(Your goal): Retype the data below verbatim; pictures do not belong in the copy.

(Materials provided):
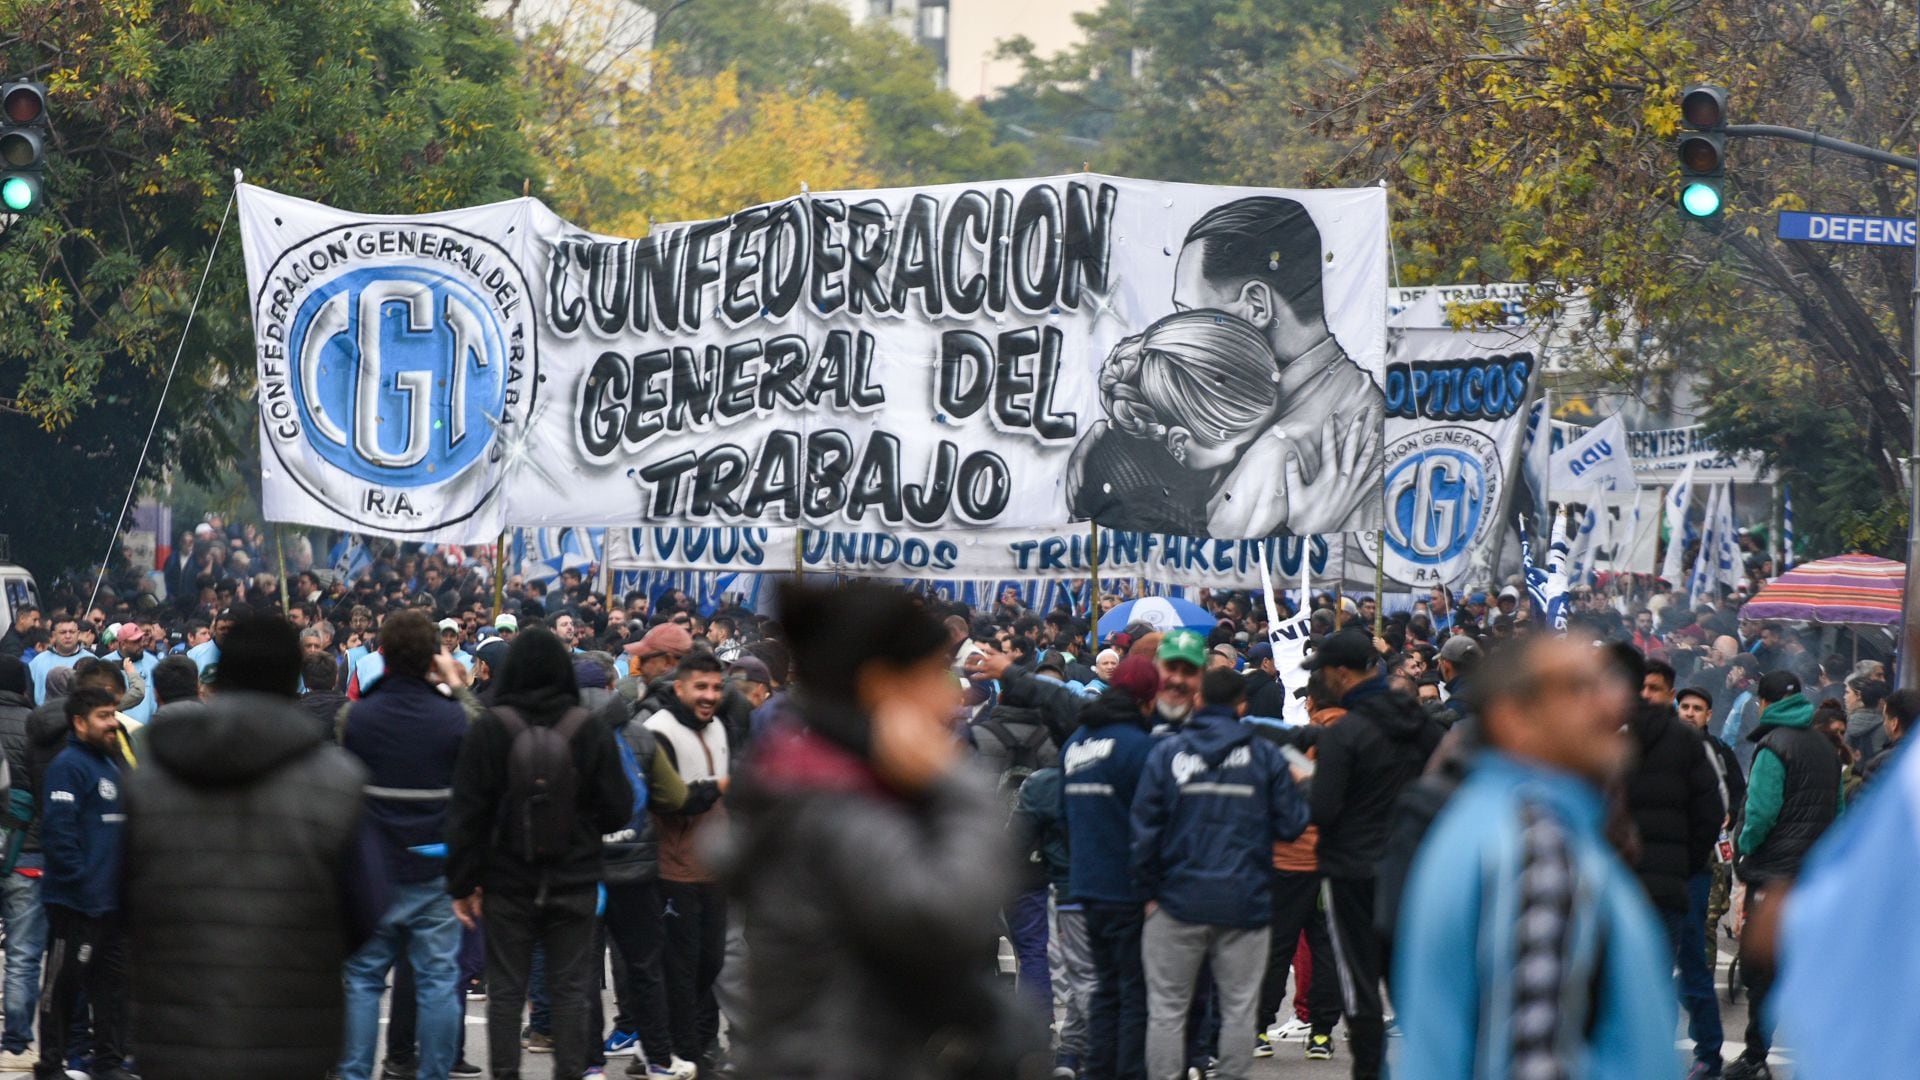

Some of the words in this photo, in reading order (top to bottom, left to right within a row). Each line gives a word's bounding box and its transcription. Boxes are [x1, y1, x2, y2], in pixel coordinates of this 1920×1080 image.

[357, 231, 485, 276] GENERAL
[551, 181, 1117, 333] CONFEDERACION
[1809, 216, 1916, 244] DEFENS
[486, 267, 520, 320] DEL
[1400, 290, 1426, 302] DE
[264, 240, 348, 438] CONFEDERACION
[300, 280, 488, 469] CGT
[490, 322, 525, 463] TRABAO
[580, 330, 885, 456] GENERAL
[940, 325, 1077, 439] DEL
[1384, 360, 1528, 415] OPTICOS
[1423, 431, 1484, 455] GENERAL
[367, 489, 422, 516] R.A.
[639, 429, 1011, 523] TRABAJO
[802, 528, 958, 569] UNIDOS
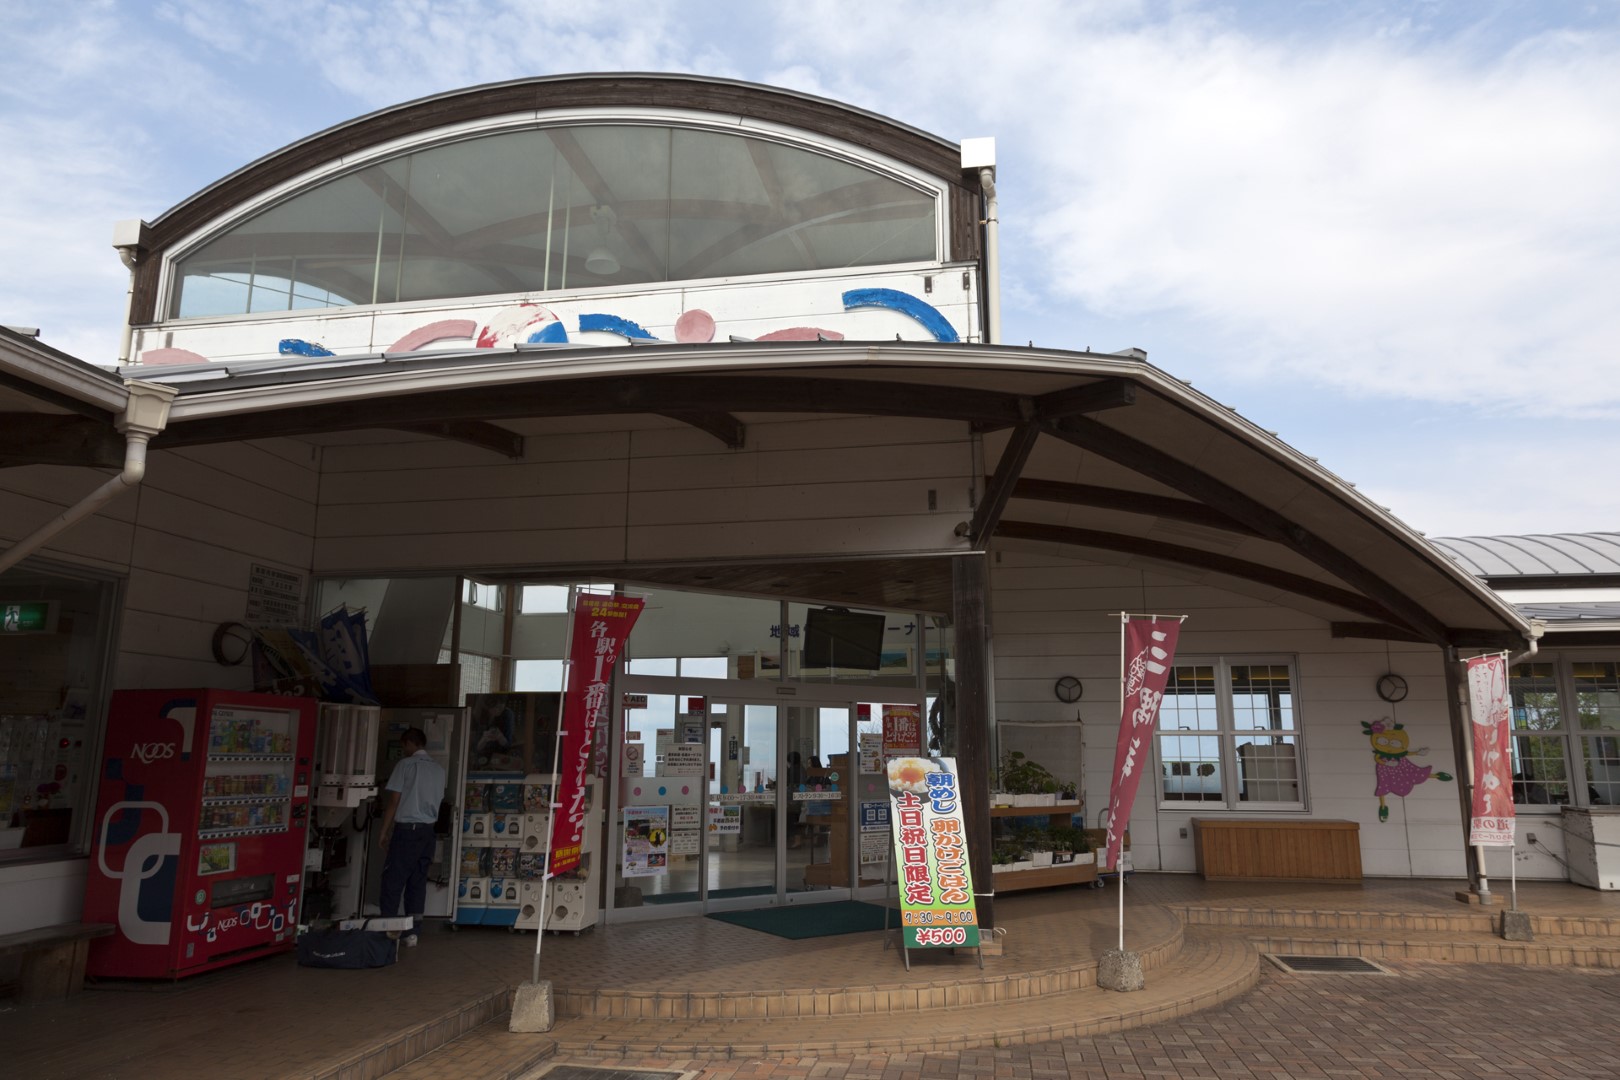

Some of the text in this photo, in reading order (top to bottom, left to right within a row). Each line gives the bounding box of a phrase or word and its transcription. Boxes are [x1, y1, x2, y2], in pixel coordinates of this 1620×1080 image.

[897, 792, 933, 905] 土日祝日限定
[926, 773, 969, 903] 朝めし 卵かけごはん
[916, 928, 966, 945] ¥500
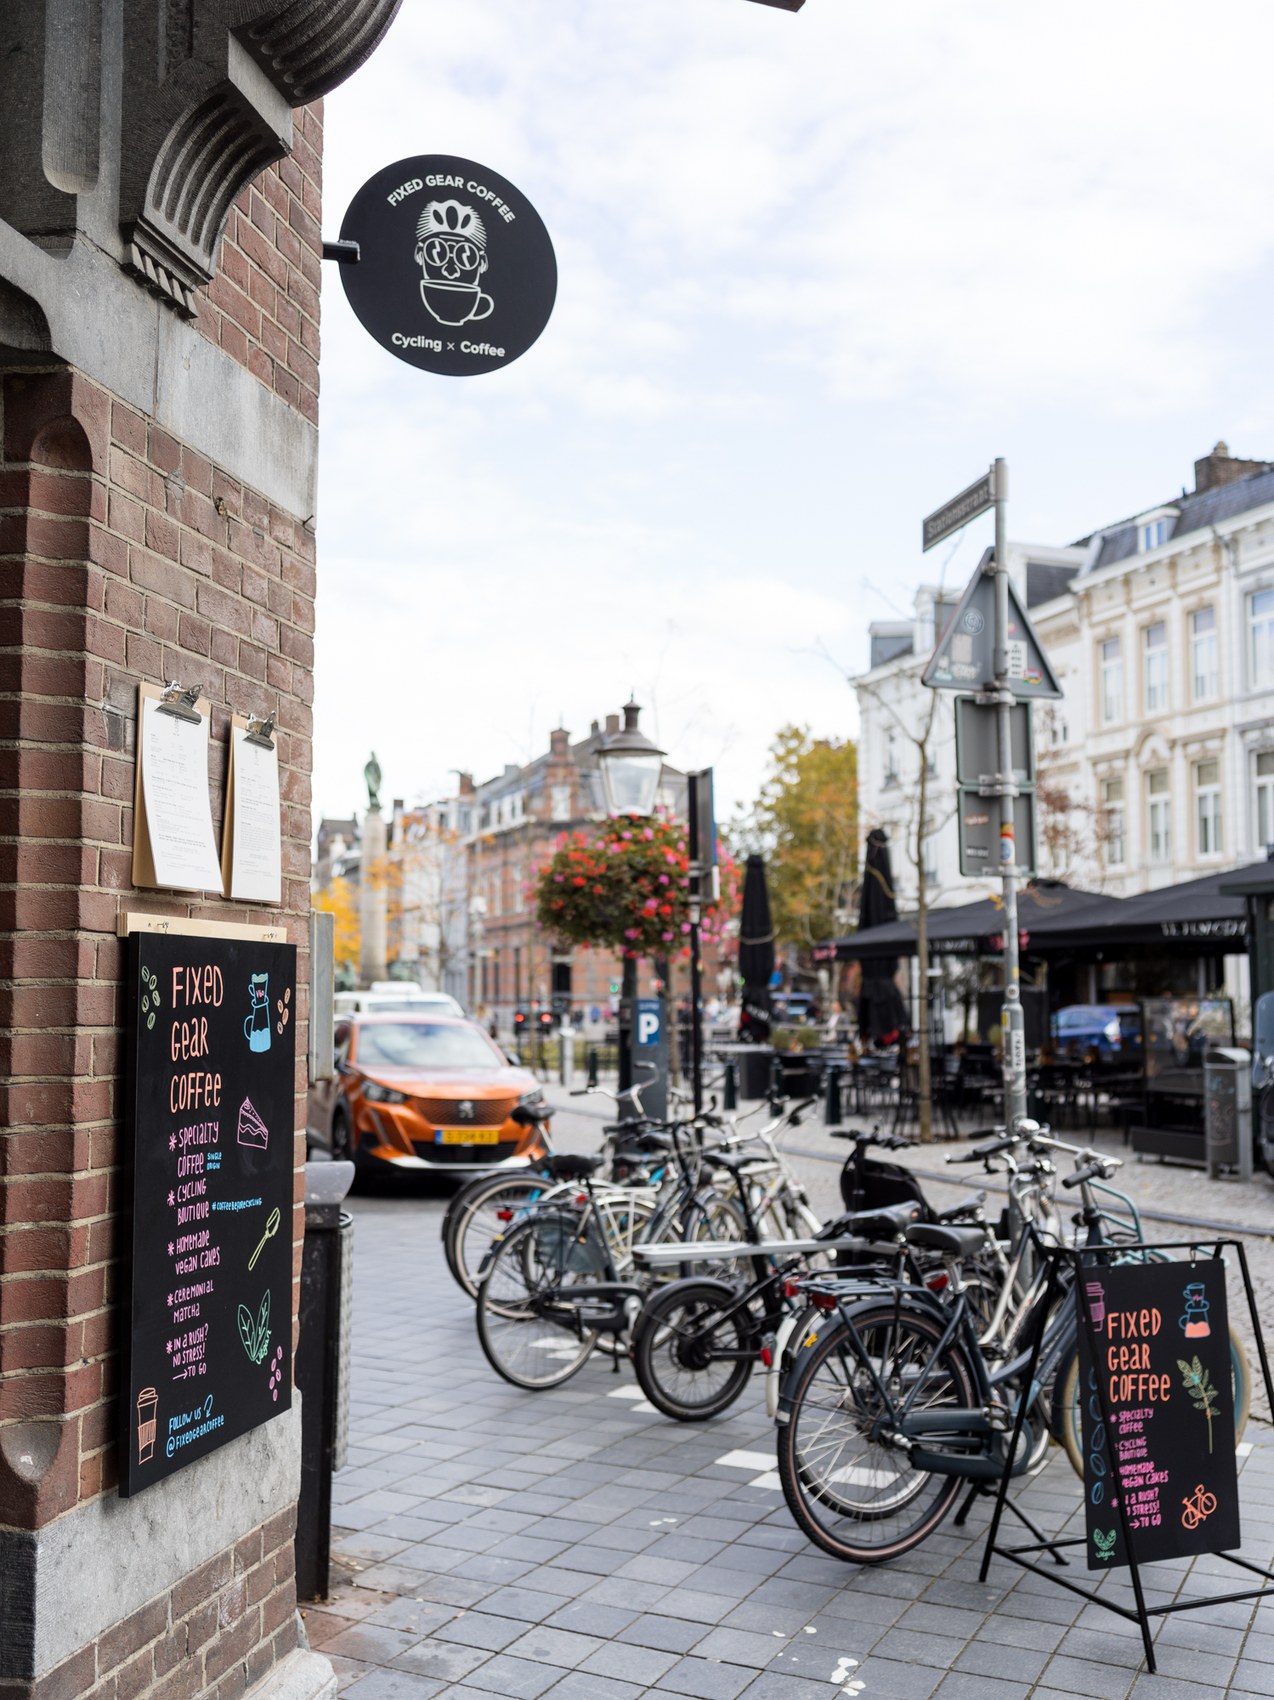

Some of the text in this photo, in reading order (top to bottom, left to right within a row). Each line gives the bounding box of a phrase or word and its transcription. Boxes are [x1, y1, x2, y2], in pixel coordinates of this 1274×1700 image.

[387, 174, 516, 223] FIXED GEAR COFFEE
[391, 332, 442, 352] Cycling
[460, 340, 506, 357] Coffee
[639, 1012, 660, 1044] P
[172, 1352, 181, 1367] NO
[187, 1362, 207, 1377] TO GO
[168, 1407, 202, 1435] FOLLOW US
[1139, 1513, 1162, 1528] TO GO

(Result of this exercise):
Some of the words in this photo, in reading order (top to bottom, left to right within a row). Each line gives a word's bounding box and its transcription. Boxes are [x1, y1, x2, y2], in pixel coordinates of this 1920×1080 image.

[357, 231, 485, 276] GENERAL
[551, 181, 1117, 333] CONFEDERACION
[1809, 216, 1916, 244] DEFENS
[486, 267, 520, 320] DEL
[1400, 290, 1426, 302] DE
[264, 240, 348, 438] CONFEDERACION
[300, 280, 488, 469] CGT
[490, 322, 525, 463] TRABAO
[580, 330, 885, 456] GENERAL
[940, 325, 1077, 439] DEL
[1384, 360, 1528, 415] OPTICOS
[1423, 431, 1484, 455] GENERAL
[367, 489, 422, 516] R.A.
[639, 429, 1011, 523] TRABAJO
[802, 528, 958, 569] UNIDOS

Some of the text in this photo, in reading order (top to bottom, left to right within a row). Each line gives the bounding box of a phrase or word and its transcription. Boxes are [x1, y1, x2, y2], in pixel coordinates of this 1620×1080 image.

[897, 792, 933, 905] 土日祝日限定
[926, 773, 969, 903] 朝めし 卵かけごはん
[916, 928, 966, 945] ¥500

Some of the text in this photo, in reading order (top to bottom, left to right within a row). Each line gives the bounding box of a phrase or word and its transcription. Boxes are [x1, y1, x2, y2], in pixel coordinates of this 1274×1700 image.

[387, 174, 516, 223] FIXED GEAR COFFEE
[391, 332, 442, 352] Cycling
[460, 340, 506, 357] Coffee
[639, 1012, 660, 1044] P
[172, 1352, 181, 1367] NO
[187, 1362, 207, 1377] TO GO
[168, 1407, 202, 1435] FOLLOW US
[1139, 1513, 1162, 1528] TO GO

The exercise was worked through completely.